If your application naturally includes relations that are expected to be relatively small (e.g., schools within a university), then it is fine to use some small relations, but please ensure that you have relations of the sizes prescribed above as well. When writing a program to fabricate data, there are two important points to keep in mind:

  1. Make sure not to generate duplicate values for key attributes.

  2. Your PDA almost certainly includes relations that are expected to join with each other. For example, you may have a Student relation with attribute courseNum that's expected to join with attribute number in relation Course. When generating data, be sure to generate values that actually do join - otherwise all of your interesting queries will have empty results! There are a couple of ways to properly generate joining values. One way is to generate records for multiple relations (e.g., Course and Student) at the same time. Another way is to generate the records for one relation first, and then use the joining values for the other relation. For example, you could generate records for relation Course first, then use the Course.number values when creating values for Student.courseNum.

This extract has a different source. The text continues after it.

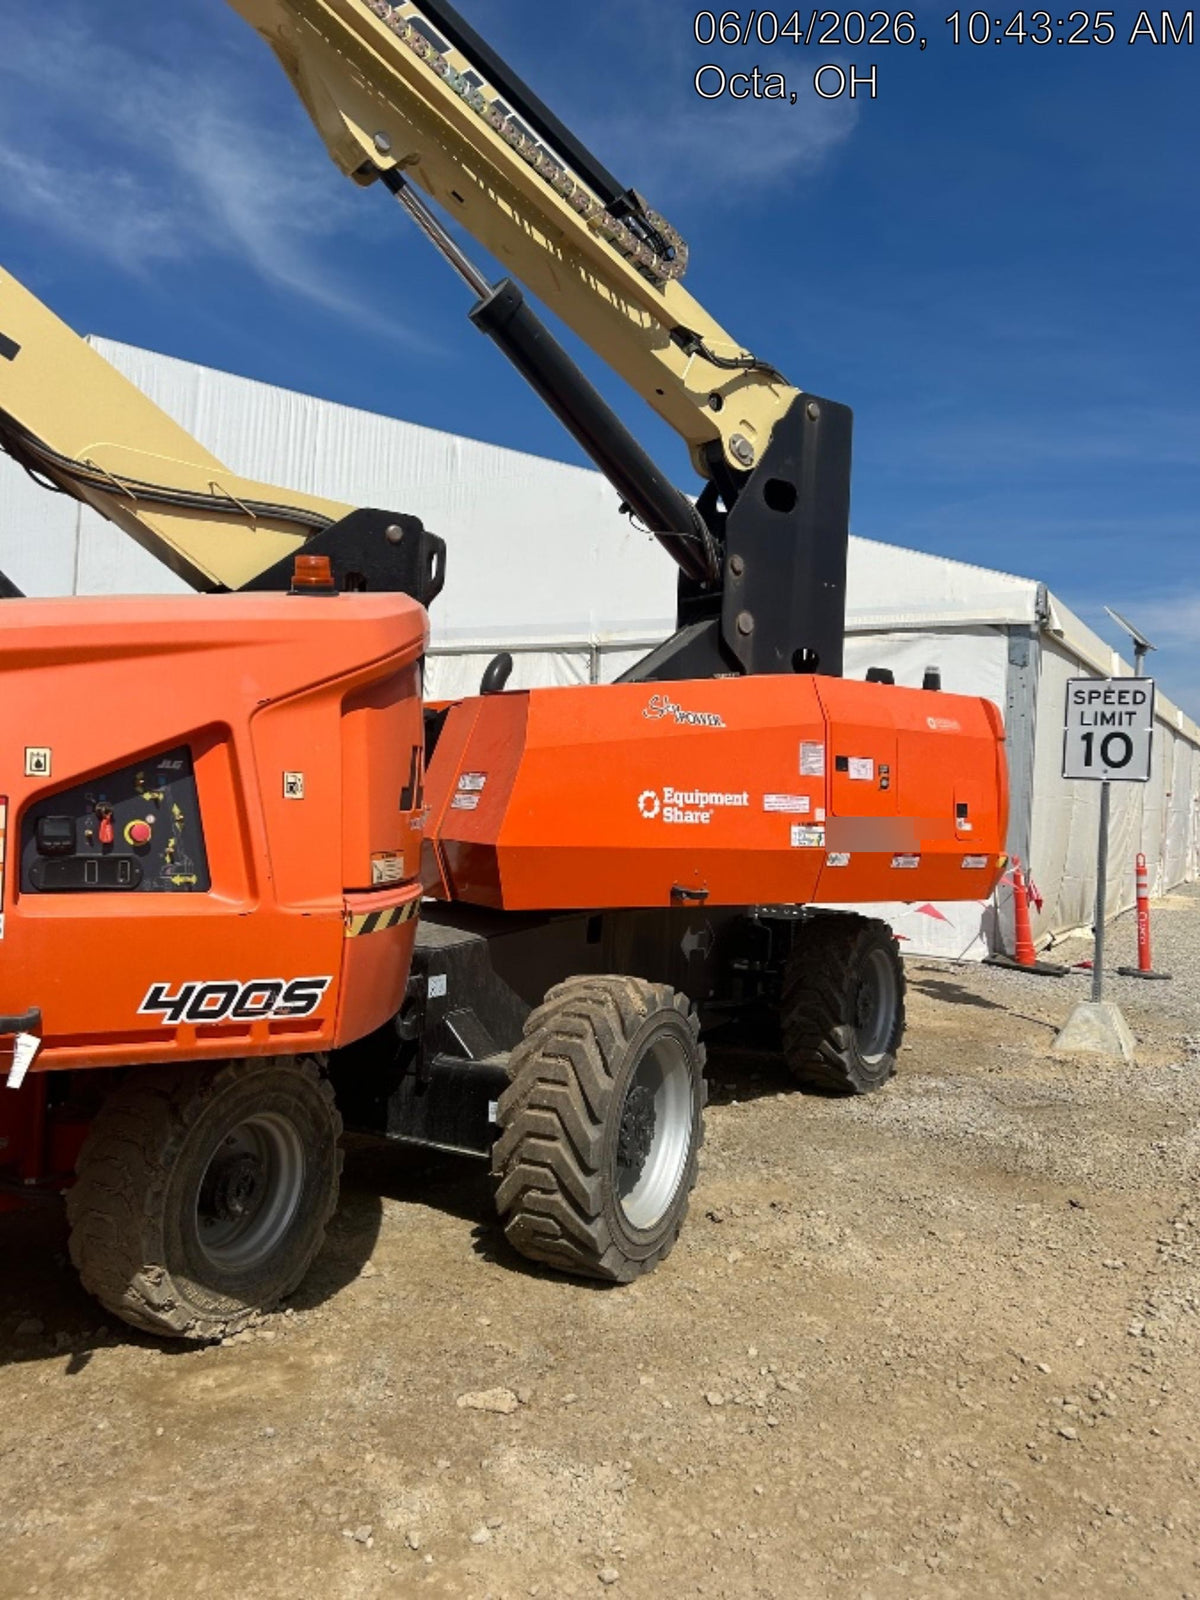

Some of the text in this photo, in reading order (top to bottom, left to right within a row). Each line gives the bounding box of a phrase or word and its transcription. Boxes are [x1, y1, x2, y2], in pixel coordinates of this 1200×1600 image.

Turn in your program code for generating or transforming data, a small sample of the records generated for each relation (5 or so records per relation), and a script showing the successful loading of your data into Oracle.

Creating scripts and what to turn in

Please see Recording Your Session from the Getting Started With Oracle document for a guide to preparing output to be submitted for this and subsequent project parts.

Components (b), (c), and (d) of this project part each tell you what should be recorded in the script that you turn in. In this and all subsequent project parts, the material you turn in should be clearly formatted and delineated, and should include comments for any aspects that are not crystal clear. Poorly assembled or documented material will not receive full credit, even if it is correct. You also will not receive full credit if you turn in your entire large data files (or large query results in later assignments) when we ask for small samples. Other than comments, truncation, and simple formatting, it is an Honor Code violation to edit scripts before turning them in. Please see http://www.stanford.edu/class/cs145/submit-README.txt for details on electronic submission.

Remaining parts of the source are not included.